I did a bit of counting yesterday: I had fifteen more stories in the Decameron, and eighteen brief lives in Clive James’s Cultural Amnesia. In three to five weeks, then, only two of the six books in the photo will remain unread — and I have no intention of reading all of James Merrill at one go. The new lineup (which will probably take me until Spring ’09) will include Moby-Dick, Don Quixote, and The Anatomy of Melancholy. The “French novel” slot will be filled by Georges Bernanos’s Journal d’un curé de campagne.

“Are you crazy?” I asked myself, about the combination of Melville and Cervantes. But it’s not a combination so much as a juxtaposition. The two epics share the same basic story.


¶ In the Decameron (IX, vi), the tale of the three beds that Chaucer recycled as “The Reeve’s Tale.” The story is just a tad too comic to be taken as a literal representation of medieval crowding; if the bedroom (with its three beds!) were so small, how could Pinuccio and the cottager’s daughter enjoy their frolic without disturbing the others — not to mention the cottager’s wife, who only thinks that she’s in bed with her husband.

¶ In Aubrey: Marten, Martin, Marvell, May, Mercator. Aubrey’s tastes for bric-à-brac and gossip not only meet but conjugate:

Memorandum: Mr Nicholas Mercator made and presented to King Charles II a clock (’twas of a foot diameter) which showed the inequality of the sun’s motion from the apparent motion, which the King did understand by his informations, and did commend it, but he never had a penny of him for it.

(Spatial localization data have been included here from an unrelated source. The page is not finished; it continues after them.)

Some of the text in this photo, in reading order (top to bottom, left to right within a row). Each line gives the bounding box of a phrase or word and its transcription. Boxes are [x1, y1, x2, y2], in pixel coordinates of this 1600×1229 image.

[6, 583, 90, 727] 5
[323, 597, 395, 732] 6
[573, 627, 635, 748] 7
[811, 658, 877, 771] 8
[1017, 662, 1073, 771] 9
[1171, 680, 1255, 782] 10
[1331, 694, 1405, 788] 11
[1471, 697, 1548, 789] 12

Well! This curious clock was neglected, and somebody of the court happened to become master of it, who understood it not; he sold it to Mr Knibb, a watch-maker, who did not understand it neither, who sold it to Mr Fromanteel (that made it) for £5 who asks no (1683) for it £200.

What goes around keeps ticking.

¶ In Merrill, wandering through A Gathering of Salts, the 1995 (and final) collection. Something tells me that the following response to disaster, in “Scrapping the Compujter,” was recollected in tranquillity:

Until that morning when a faint mechanical shriek
Took me a back. As I watched, the paragraph
Then under way deconstructed itself into
Mathematical symbols, musical notation —
Ophelia’s mad scene in a Czech production
Fifty years hence. The patient left on a gurney,
Returned with a new chip, the following week.

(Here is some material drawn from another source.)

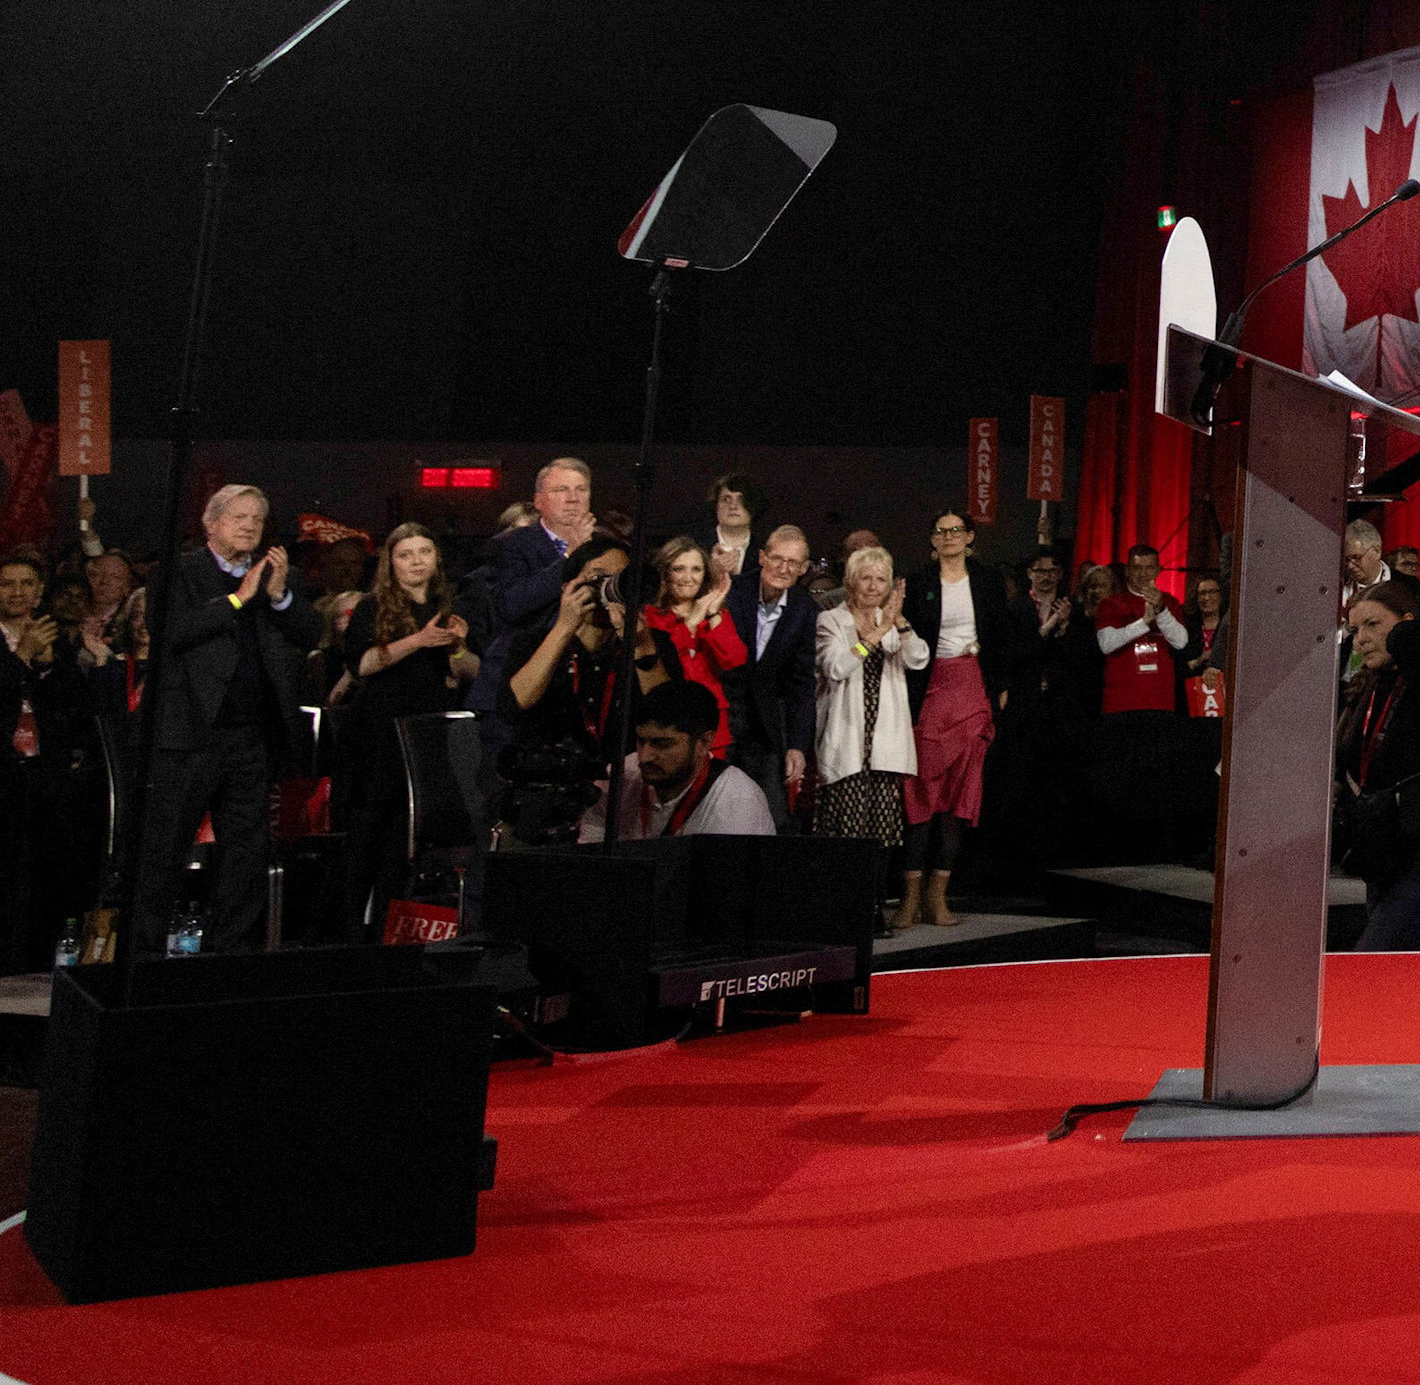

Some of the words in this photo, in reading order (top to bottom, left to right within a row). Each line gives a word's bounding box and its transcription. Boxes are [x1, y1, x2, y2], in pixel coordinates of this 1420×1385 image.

[78, 349, 93, 465] LIBERAL
[1039, 404, 1055, 494] CANADA
[976, 422, 991, 515] CARNEY
[716, 967, 818, 997] TELESCRIPT

Everything but the shriek is composed.

¶ Clive James on Jean Cocteau — very unlikely bedfellows. This is the earnest heterosexual’s complaint about homosexual mincing (a complaint that has nothing to do with carnality but that may touch on something more important to the gay man; I don’t know):

Endlessly pirouetting to get himself into profile, Cocteau was tiresome in the extreme, but mainly because the froth and fizz of his superficial behavior made you nostalgic for the underlying man, whom you guessed correctly to be classical in his perceptions despite his self-denigrating mania for originality.

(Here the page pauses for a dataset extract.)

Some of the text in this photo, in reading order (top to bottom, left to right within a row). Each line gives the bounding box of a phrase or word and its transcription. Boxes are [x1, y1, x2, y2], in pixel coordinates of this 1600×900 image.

What James says next is as provocatively amusing as anything I’ve ever read:

It could be said that anyone who admired the looks of Jean Marais, the rebarbative star of both Orphée and La Belle et le bête, had the same classical perceptions as a Las Vegas hotel designer, but the late 1940s were a long time ago, and Marais’s bouffant hairstyle was the first ever seen in a serious context. Elvis Presley was not yet there to be copied.

Finally, the complaint is reprised:

Cocteau thought of his own images. He really was as innovative as his admirers said. Their only mistake was to imagine that novelty was an ethos.

Argument joined: many gay men would say that novelty not only is an ethos, but that in this vale of tears it is the only ethos.